Ministro de Minas e Energia avalia mudanças diante do conflito no Oriente Médio

O governo está considerando a prorrogação do imposto de 12% sobre as exportações de petróleo bruto, mesmo diante das críticas das empresas do setor que expressam preocupações sobre a insegurança jurídica e a queda na atratividade para investimentos no Brasil.
De acordo com assessores do presidente Luiz Inácio Lula da Silva, a contínua tensão no Oriente Médio torna arriscada qualquer decisão de interromper essa cobrança. O ministro de Minas e Energia, Alexandre Silveira, admitiu que, se os preços do petróleo não se estabilizarem abaixo de US$ 80 por barril, as subvenções aos combustíveis continuarão sendo uma necessidade.
Recentemente, o preço do barril Brent aumentou 4,99%, alcançando US$ 87,72, o que foi atribuído a incertezas sobre a reabertura do Estreito de Ormuz.
✨ "Estamos tomando as medidas necessárias para que as petroleiras não lucrem com a guerra e para minimizar os impactos ao consumidor de energia" — Alexandre Silveira.
Com o intuito de mitigar os efeitos da guerra sobre o mercado interno, o governo implementou subsídios para os derivados de petróleo. No entanto, a Medida Provisória 1340, que estabelecia o imposto sobre a exportação, perdeu validade sem análise do Congresso, obrigando o governo a manter a taxa através de uma resolução da Camex.
As empresas do setor, como Shell e Total, manifestaram sua oposição ao imposto e buscaram uma liminar na Justiça, mas a decisão foi derrubada.
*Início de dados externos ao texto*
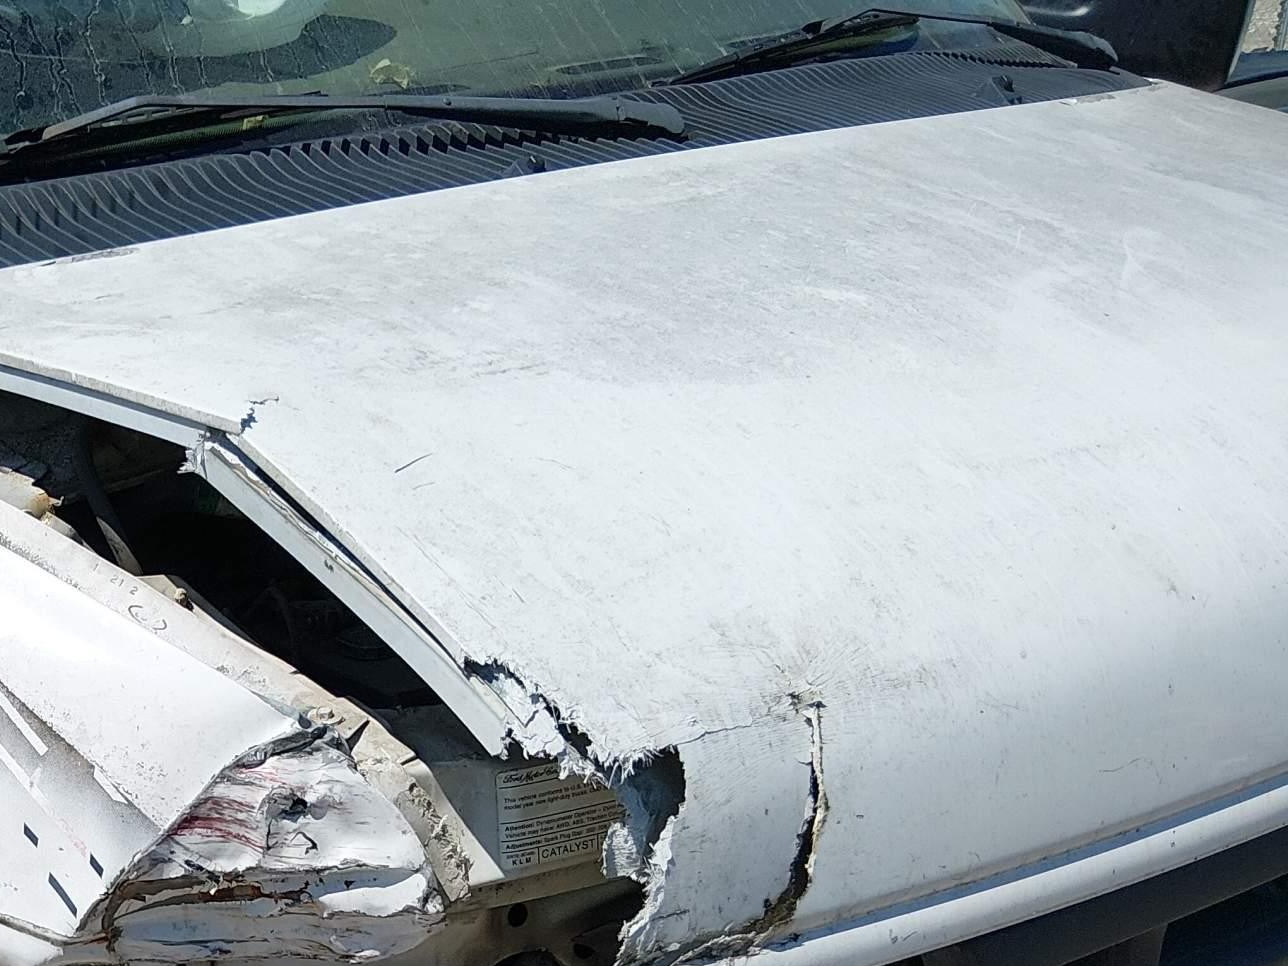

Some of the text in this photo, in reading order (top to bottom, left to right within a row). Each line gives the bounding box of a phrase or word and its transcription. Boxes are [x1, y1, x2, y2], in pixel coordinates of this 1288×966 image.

[505, 821, 535, 832] Attention:
[505, 831, 527, 839] Vehicle
[505, 839, 543, 850] Adjustments:
[541, 838, 597, 858] CATALYST
Elas argumentam que a manutenção do imposto por via da resolução carece de fundamentação legal e que isso compromete a competitividade do Brasil em relação a outros países produtores.
Além da Guiana e Suriname, outros países como Angola, Namíbia e a Venezuela estão se destacando na atração de investimentos estrangeiros no setor petrolífero, o que gera preocupação entre as empresas brasileiras sobre a manutenção de capital no país.